Fuel Cells in Portable Electronics
August 16th, 2010
Dane’s Master’s Thesis (3.1mb, 100 pages). Check it out. It is interesting research.
When you are at the counter holding what will be your new notebook computer, or one mouse click away from your purchase confirmation, it seems right that you would be excited. It is a good chance that for the last year or two you have been battling your frustrations of your computer’s symptoms of old age: inadequate processing speed, shortage of hard drive space, faulty display screen, short battery charge… So when you get home, or back to the office, all of these ailments will suddenly disappear and you can return to the sweet life of the fast lane of computing. This is at least the consensus from over 100 participants in my Master’s thesis describing their notebook computer experiences and imagining their next purchase.
My research focuses on the battery. I inquire how people interact with the battery through the lens of the notebook computer, then make comparisons with the fuel cell. Naturally my research is theoretical since laptop fuel cells are not currently on the market. However it allowed me to:
- interact with chemists at Arizona State who are developing a hydrogen delivery system for the Protonex Fuel cell,
- interview researchers at Protonex and other fuel cell experts,
- engage with companies who are investing in the business of transporting fuel for fuel cells,
- research battery companies about chemical composition and new developments,
- and practice conducting theoretical research projects.
Batteries and fuel cells are both power devices, yet are very different in how they operate and how they are paired with portable electronics. Both technologies are improving, but not as fast the efficiency in processing. You can see this transformation in the miniaturization and functional distribution of mobile devices. If you are curious, this movement is not driven by the innovation of battery manufacturers.
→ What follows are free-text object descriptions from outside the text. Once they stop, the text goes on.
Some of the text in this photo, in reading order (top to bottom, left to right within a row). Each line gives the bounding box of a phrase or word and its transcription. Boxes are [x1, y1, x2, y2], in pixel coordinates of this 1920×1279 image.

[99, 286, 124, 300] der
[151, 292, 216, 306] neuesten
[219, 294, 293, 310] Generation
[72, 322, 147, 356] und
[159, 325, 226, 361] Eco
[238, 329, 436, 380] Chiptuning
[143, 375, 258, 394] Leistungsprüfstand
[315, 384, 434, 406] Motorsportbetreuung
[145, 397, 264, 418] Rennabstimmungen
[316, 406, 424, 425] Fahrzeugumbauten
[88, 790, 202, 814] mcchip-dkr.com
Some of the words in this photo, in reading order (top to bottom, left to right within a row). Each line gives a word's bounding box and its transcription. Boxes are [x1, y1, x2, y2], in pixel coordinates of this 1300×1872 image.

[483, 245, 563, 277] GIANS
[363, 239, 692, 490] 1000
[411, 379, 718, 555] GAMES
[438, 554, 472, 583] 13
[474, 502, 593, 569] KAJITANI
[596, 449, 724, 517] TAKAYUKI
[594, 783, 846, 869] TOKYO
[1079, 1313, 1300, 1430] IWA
An interesting fact, energy consumption increases during this conversion in portable electronics. For example, notebooks in 1991 required half of the energy than today’s models. Why? Functionality. We use them more frequently and for more stuff. We use them for stuff that we don’t actually need to do. To build on that, more than half of computers purchased today are notebooks. This means that we are consuming a lot of batteries, a lot of energy. This leads to the second question in my research:
How do the environmental impacts compare between the battery and fuel cell?
In my thesis, the fuel cell (sodium boryhydride, hydrogen-air PEM) produces fewer environmental impacts than the lithium-ion battery (6-cell, power adapter, and North American grid electricity) during the life cycle of the notebook computer. It was a narrow margin victory for the fuel cell, but only because of one enormous environmental impact from the lithium power device: recharging the battery. Whether you are recharging your computer battery over night, or while you are working, you are consuming energy. Not a lot per day, but certainly accumulatively.
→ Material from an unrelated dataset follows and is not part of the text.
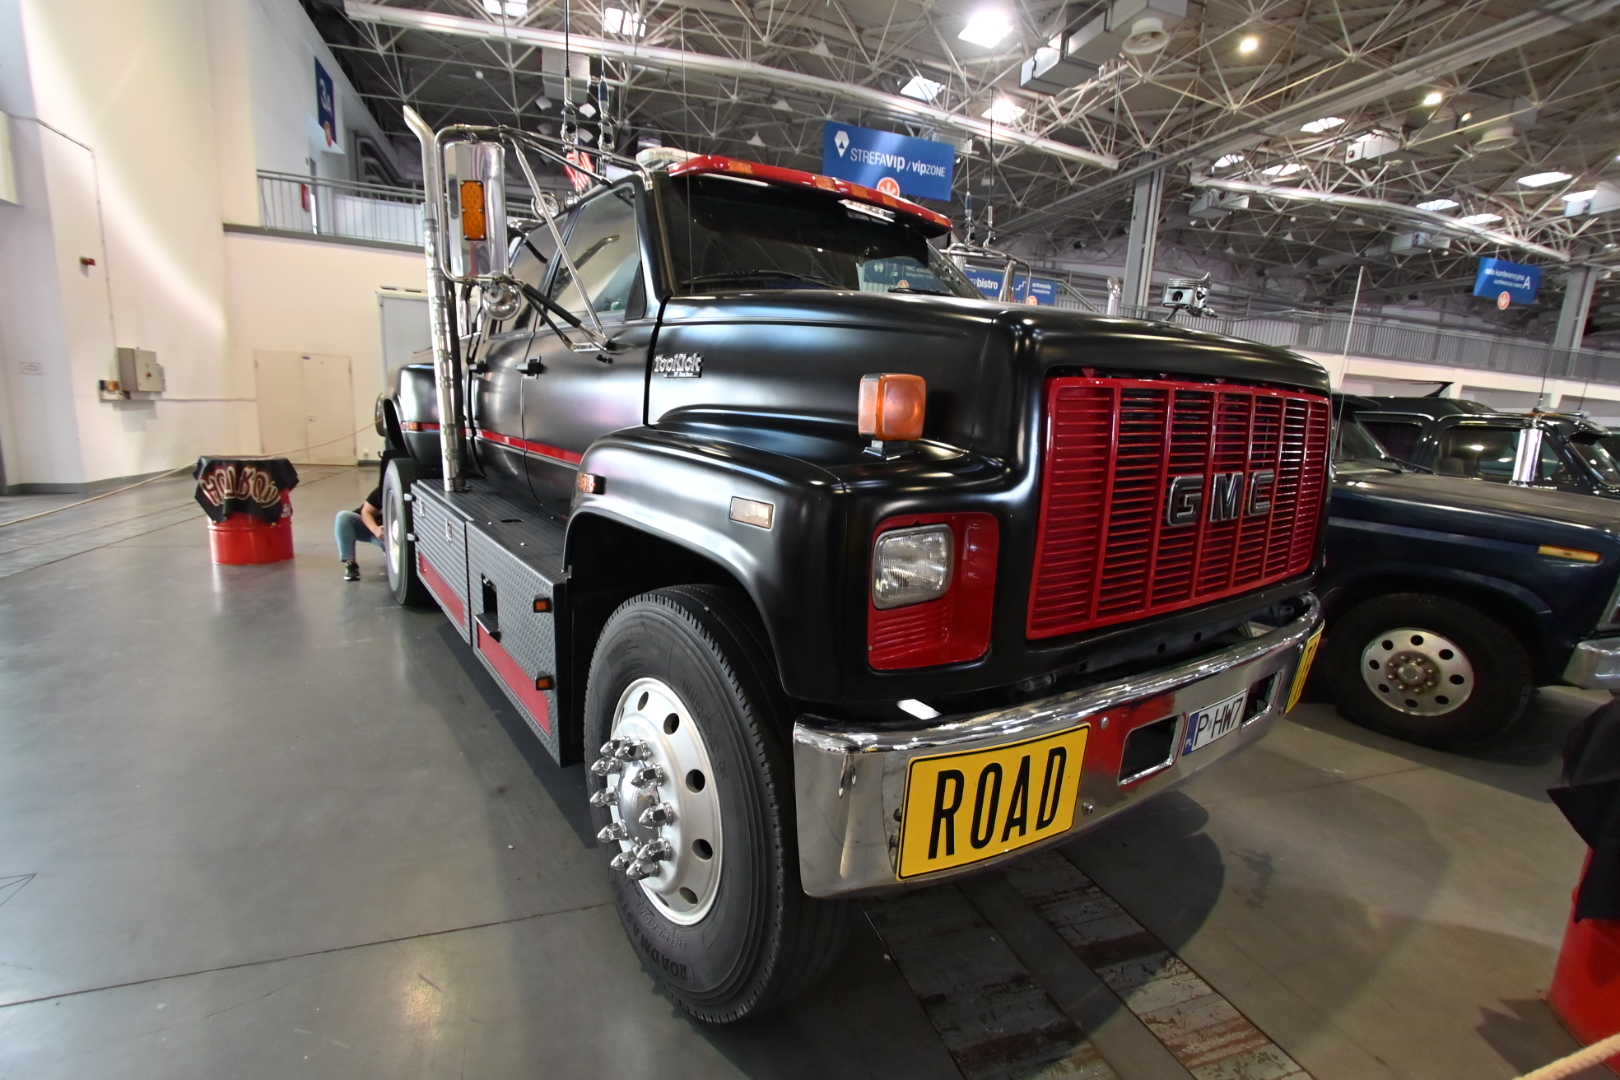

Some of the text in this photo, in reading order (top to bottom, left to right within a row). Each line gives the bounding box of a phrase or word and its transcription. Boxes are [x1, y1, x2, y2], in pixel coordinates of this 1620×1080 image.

[1522, 276, 1531, 290] A
[654, 352, 702, 376] TopKick
[1166, 469, 1275, 528] GMC
[927, 746, 1068, 860] ROAD
You are drawing electricity when you are recharging your laptop overnight. You are pulling about 50% more electricity when you are computing with your computer plugged into the wall outlet. And when your battery is charged completely, you are still consuming energy from the grid.
Add this energy consumption finding to the quantity of the ubiquitous mobile computing devices and other mobile electrical products (think cars). This is a huge shift in how humans need energy (and choose which minerals we extract). This leads to one last point I want to mention about my research:
Sodium borohydride (hydrogen storage for the fuel cell) energy density is 10x greater than lithium-ion. In other words, the fuel cell has the potential to produce energy 10 times longer than the battery. There are many clauses in this statement as they are very complicated devices. However, assuming that we can are willing to observe the needs of humans and design products with energy efficiency in mind, the fuel cell could be a strategic and valuable technology to compliment or replace the battery.
Published title of research:
Usability and Environmental Performance of Twenty-Watt Sodium Borohydride Fuel Cells
A few random facts about my research:
- First Life Cycle Impact Assessment done on the small-scale sodium borohydride fuel cell.
- First Life Cycle Impact Assessment comparing TRACI and CML Baseline 2000 characterized methods.
- Combines ethnographic research to supplement Life Cycle Impact Assessment data.